What To Do With A Too Big Hydrangea

What To Do With A Too Big Hydrangea

“My hydrangea’s too big,” we hear our customers say. “How can I prune it?” Before we answer such a question, it’s important to know what kind of hydrangeas our clients have. Are they are blue lace caps or mopheads (Hydrangea macrophylla or H. serrata)? Or do they grow the pink or white smooth hydrangeas (Hydrangea arborescens) such as the Annabelle or Invincibelle Spirit? Perhaps our customers are growing the white panicle hydrangeas (H. paniculata) or the native oakleaf (Hydrangea quercifolia). All of these plants respond differently to pruning, so knowing which variety is being grown is important.

Before we get to specifics, and the all-important photos, it’s important to say this: it’s usually folly to try and control a plant’s size with pruning. First of all, you’re fighting the plant’s genetics, which are telling it to be a particular height, width and shape. Secondly, pruning always stimulates growth. So in cutting a plant back significantly, you might think that you’re making it smaller but the plant will quickly try and replace the growth that it’s lost. So the bottom line is that if a hydrangea is too large for the location where it has been growing, the best thing would be to move it and plant a smaller variety in that spot.

Additionally, if you prune down a blue lacecap or mophead, they will not only replace their height in one summer, but you’ll have very few flowers the following summer, no matter when you prune the shrub back.

The hydrangea in this photo was pruned back in the spring. You can see how few flowers are on the shrub, even though it’s grown to be just as tall as it was the previous year.
This is a Nikko Blue Hydrangea that was cut back to about 3 feet tall “neaten it up and make it shorter” in a fall cleanup. By early July of the following summer, it has grown to be six feet tall and eight feet wide again, with very few flowers. It was a shame too, because this shrub is out in the open where there is no reason to try and make it smaller!
These lacecap hydrangeas are above the window sills, but that allows the flowers to be seen from inside the house as well as outside. If this homeowner wanted shorter shrubs here, they can plant “Tuff Stuff” and move these to a different location.

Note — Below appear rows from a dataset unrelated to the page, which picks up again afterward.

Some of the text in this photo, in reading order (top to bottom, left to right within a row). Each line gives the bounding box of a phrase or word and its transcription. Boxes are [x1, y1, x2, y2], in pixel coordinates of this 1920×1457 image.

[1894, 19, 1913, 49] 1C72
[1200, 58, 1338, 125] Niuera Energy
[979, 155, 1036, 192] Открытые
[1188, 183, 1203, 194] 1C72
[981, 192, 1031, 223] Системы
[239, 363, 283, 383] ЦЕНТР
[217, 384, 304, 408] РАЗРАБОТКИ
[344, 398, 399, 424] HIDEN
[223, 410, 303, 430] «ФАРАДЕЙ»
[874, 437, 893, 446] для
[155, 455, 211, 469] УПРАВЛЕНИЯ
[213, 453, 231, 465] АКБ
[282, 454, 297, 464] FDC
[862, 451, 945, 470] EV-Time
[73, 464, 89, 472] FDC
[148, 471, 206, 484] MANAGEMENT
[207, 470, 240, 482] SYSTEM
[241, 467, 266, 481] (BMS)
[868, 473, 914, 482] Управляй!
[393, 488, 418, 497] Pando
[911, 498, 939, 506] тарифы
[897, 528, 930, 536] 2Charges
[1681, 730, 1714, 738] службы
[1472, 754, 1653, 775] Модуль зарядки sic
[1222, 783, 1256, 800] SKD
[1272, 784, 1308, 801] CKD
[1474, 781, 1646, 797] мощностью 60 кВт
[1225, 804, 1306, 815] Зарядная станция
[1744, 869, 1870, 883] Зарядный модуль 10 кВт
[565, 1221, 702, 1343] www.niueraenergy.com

The smooth hydrangeas, such as Annabelle, Incrediball, or Invinceabelle Spirit will still flower if they are cut back, but repeatedly pruning them down results in weaker stems that may bend over so that the flowers end up on the ground. Again, if these plants are too large for their location, transplant them elsewhere and put in a Wee White or Mini-Mauvette because these varieties will stay shorter.

If a smooth hydrangea is getting too close to a path or driveway, the stems that are closest to those areas can be cut at ground level to reduce the mass on that side. But cutting them back to try and make them shorter doesn’t work well.

Panicle hydrangeas such as Lime Light, Pinky Winky, Fire Light and so on can grow quite large. They will still flower if they are hard-pruned, but this often results in fast re-growth and larger flowers that weight the stems down. There are alternatives to trying to make a plant shorter, however. With panicle hydrangeas it’s often better to turn larger plants into small trees.

Here is a Pinky Winky Hydrangea that has grown to be about eight feet tall. Instead of fighting that size, it has been pruned from the ground up to expose five upright trunks so that now it’s growing as a small tree.
Lime Light is a plant that can grow ten to sixteen feet tall over time. This plant is about eight feet tall and wide right now, and it’s in the front of a shade garden. Instead of trying to make it smaller, the gardener will start to turn this into a small tree that has shade plants placed underneath. To prune in that manner, you start by removing all side branches on the bottom quarter of the plant the first year. The next year you can remove a few more, while letting the top continue to grow taller.
If you need a shorter panicle hydrangea, try Bobo, which grows to 4 or 5 feet tall and wide.

Panicle type hydrangeas that stay shorter include Bobo, Little Quick Fire, and Fire Light Tidbit. Little Lime is a medium-sized shrub (around 5 to 6 feet tall and wide).

Fall is a great time to move any Hydrangeas that are growing in the wrong spot. Dig them in early September and place the plants where they can be the size that their genetics are telling them to grow. Once moved, the only pruning you’ll have to do is to remove dead canes on the mopheads and lacecaps, and cut off dead wood and crossed/rubbing branches on the other varieties. When a plant is growing in the right place, you can prune to improve appearance and give up on trying to control the shrub’s size.